Im Reich der Toten...

Der bekannte Schriftsteller und Maler Jean Cocteau drehte 1930 mit "Das Blut des Dichters" seinen ersten Spielfilm. Dabei suchte er auch beim Film neue Wege und hatte es beim Publikum anfangs nicht gerade einfach. Dennoch sind einige seiner Filme große Klassiker geworden, vor allem der 1946 entstandene Märchenfilm "Es war einmal" und der vier Jahre später entstandene "Orphee", der auf der antiken Sage von Orpheus und Eurydike basiert, diese aber sehr eigenwillig und modern interpretiert.
Der Regisseur spielt in diesem Film auf eine faszinierende Weise mit Mythen und Bildern. Kameramann war Nicolas Hayer, der mit seiner Arbeit in Clouzots "Der Rabe" bereits eine Weltklasse-Vorstellung gab. "Orphee" gilt als Hayners zweites Hauptwerk, indem er Coucteaus inszenatorischen Einfällen einen optischen Rahmen durch seine sehr eigenwillige Bildgestaltung gab. So wurde eine Welt der Halbschatten, der Rätsel geschaffen - in dem die Spiegel zur Tür ins Jenseits führen.
Die Geschichte spielt jedoch nicht in der Antike, sondern im zeitgenössischen Paris und zeigt Impressionen aus dem vor allem von den Künstlern besuchten "Cafe des Poetes". Orphee (Jean Marais) hält sich dort gerne auf, obwohl man dort nicht sehr gut auf ihn zu sprechen ist. Vielleicht gerade deshalb, weil er als Künstler ein breites Publikum gefunden hat und nun sehr populär ist. Ebenfalls vor Ort ist der neue aufstrebende Cegeste (Edouard Dermit), der mit seiner Mentorin, einer schönen Prinzessin (Maria Casares) dort auftaucht. Durch einen tragischen Unfall - verursacht wegen zwei Motorradfahrern - wird der neue Stern am Dichterhimmel schwer verletzt und die Prinzessin fordert Orphee auf als Zeuge bereitzustehen. Sie nimmt ihn mit in ihrem Wagen, der von Chauffeur Heurtebise (Francois Perier) gesteuert wird. Alles wird immer unwirklicher und Orphee bemerkt, dass der Verletzte inzwischen verstorben ist. Dies scheint die Prinzessin nicht besonders zu stören. Viel mehr Aufmerksamkeit schenkt sie den abstrakten Gedichten, die im Radio durchgegeben werden und von denen auch Orphee immer mehr fasziniert ist. Sie kommen an ein Schloß und es scheint auch eine andere Welt zu sein. In einem Spiegel verschwindet die Prinzessin mit dem jungen toten Dichter. Am Anderen Morgen wacht Orphee in einer öden Landschaft auf, doch der Chauffeur hat auf ihn gewartet und bringt Orphee heim zu seiner Frau Eurydike (Marie Dea), die bereits ihre beste Freundin Aclaonice (Juliette Greco) hat kommen lassen, was Orphee gar nicht gefällt. Er wirft sowohl die Freundin als auch die ermittelnde Polizei aus dem Haus und widmet sich in der Folgezeit immer mehr diesen seltsamen Botschaften aus dem Radio. Und immer mehr ist er fixiert darauf die Prinzessin wieder zu treffen und einen Weg ins Schattenreich des Todes zu finden...

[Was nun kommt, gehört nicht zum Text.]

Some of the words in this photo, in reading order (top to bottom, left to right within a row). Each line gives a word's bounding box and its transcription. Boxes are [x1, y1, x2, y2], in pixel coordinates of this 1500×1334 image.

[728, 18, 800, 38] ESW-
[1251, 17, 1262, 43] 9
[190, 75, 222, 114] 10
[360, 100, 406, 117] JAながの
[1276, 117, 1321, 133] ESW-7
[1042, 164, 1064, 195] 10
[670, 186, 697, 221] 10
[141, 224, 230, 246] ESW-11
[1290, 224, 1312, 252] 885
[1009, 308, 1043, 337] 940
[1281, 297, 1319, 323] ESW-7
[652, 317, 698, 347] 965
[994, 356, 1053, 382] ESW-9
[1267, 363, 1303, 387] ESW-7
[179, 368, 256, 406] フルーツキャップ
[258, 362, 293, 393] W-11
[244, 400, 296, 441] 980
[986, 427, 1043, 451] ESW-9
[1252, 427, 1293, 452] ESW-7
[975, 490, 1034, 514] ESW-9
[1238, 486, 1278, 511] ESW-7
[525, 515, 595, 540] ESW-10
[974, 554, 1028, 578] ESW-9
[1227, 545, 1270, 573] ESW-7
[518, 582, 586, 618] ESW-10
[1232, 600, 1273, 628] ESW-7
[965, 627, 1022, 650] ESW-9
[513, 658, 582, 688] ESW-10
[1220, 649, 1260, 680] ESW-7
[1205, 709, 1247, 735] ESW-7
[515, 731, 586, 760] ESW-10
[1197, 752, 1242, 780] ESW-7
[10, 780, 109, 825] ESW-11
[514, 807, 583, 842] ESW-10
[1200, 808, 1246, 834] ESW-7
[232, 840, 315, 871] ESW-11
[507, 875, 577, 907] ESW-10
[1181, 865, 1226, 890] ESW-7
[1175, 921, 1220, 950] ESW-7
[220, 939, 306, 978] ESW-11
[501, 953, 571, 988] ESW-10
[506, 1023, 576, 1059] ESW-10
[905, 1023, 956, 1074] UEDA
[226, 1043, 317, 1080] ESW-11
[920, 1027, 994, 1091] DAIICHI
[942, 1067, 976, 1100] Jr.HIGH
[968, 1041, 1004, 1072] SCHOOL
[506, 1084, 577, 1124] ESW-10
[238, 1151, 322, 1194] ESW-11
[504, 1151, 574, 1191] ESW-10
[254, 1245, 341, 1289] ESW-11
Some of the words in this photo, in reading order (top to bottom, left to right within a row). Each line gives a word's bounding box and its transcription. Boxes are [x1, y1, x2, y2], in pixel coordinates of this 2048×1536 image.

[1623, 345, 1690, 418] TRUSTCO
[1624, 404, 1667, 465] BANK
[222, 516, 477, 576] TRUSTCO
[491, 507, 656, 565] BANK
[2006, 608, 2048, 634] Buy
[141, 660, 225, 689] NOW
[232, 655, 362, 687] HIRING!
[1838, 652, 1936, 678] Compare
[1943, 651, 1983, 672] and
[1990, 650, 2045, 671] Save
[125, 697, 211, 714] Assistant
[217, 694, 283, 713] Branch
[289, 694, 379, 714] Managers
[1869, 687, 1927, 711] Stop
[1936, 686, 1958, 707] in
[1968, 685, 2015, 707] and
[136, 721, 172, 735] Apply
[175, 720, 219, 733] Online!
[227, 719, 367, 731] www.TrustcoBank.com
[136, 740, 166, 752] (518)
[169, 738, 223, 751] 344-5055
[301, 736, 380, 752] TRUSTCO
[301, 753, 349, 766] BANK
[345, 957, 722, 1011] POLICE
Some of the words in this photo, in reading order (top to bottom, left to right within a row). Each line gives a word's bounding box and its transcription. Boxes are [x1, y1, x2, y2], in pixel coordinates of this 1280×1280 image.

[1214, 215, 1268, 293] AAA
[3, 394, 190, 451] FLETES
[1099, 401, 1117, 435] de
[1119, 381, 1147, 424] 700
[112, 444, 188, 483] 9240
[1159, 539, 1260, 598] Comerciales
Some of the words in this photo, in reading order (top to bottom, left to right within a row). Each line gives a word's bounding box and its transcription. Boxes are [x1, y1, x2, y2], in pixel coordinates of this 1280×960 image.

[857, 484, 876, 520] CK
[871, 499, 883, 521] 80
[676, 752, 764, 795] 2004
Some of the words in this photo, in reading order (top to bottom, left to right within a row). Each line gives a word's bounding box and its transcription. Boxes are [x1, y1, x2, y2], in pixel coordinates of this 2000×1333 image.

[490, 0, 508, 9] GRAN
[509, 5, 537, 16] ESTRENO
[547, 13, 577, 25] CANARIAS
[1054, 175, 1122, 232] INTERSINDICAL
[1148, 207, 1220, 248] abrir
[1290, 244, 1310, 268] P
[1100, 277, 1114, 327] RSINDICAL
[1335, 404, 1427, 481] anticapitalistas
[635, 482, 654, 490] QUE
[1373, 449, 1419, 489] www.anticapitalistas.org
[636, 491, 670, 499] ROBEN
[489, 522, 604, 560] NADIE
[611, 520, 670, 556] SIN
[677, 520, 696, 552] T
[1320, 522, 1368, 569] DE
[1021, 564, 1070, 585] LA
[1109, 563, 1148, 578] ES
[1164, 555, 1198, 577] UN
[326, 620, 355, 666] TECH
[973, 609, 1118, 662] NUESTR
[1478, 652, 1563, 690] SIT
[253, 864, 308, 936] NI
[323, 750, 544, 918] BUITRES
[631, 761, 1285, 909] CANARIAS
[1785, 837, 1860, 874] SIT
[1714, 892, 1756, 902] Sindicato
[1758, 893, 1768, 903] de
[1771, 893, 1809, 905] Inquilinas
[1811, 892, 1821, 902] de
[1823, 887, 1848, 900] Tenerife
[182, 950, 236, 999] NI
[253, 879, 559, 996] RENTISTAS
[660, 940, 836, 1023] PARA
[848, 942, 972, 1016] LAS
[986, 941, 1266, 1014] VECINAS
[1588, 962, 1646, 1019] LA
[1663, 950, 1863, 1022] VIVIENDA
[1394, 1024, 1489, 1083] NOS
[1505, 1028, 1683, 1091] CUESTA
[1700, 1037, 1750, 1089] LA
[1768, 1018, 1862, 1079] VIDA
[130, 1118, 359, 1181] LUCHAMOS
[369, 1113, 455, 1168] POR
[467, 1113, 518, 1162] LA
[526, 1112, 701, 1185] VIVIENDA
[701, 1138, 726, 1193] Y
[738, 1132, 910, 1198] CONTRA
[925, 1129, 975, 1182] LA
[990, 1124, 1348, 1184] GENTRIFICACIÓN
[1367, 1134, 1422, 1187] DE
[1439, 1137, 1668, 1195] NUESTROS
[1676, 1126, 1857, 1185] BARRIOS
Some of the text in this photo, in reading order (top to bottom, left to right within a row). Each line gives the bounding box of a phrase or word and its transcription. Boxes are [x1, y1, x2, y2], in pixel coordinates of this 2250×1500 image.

Beim Anschauen von "Orphee" taucht man auch in eine Zeit des Kinos ein und zu Filmwerken, die heute ganz aus der Szene verschwunden sind. Dies sorgt natürlich für eine weitere faszinierende Variante - auch die Schauspieler sind gut gewählt. Vor allem auch Maria Casares als Prinzessin, die sich in Orphee verliebt hat. Eine verbotene Liebe, denn sie ist der Tod. Auch der Chauffeur, ein Toter aus der Unterwelt, ist ein Liebender.  Dabei trägt sowohl der Tod als auch die Liebe stets das gleiche Gesicht. Auch der Spiegel fungiert in vielfacher Weise. Nicht nur als Eintritt ins Reich der Toten - wir sehen ja in Spiegeln täglich wie wir alt werden. Jeden Tag ein Stück näher in die Nähe des Todes. Auch von der Unsterblichkeit des Dichters und der Liebe erzählt die Geschichte.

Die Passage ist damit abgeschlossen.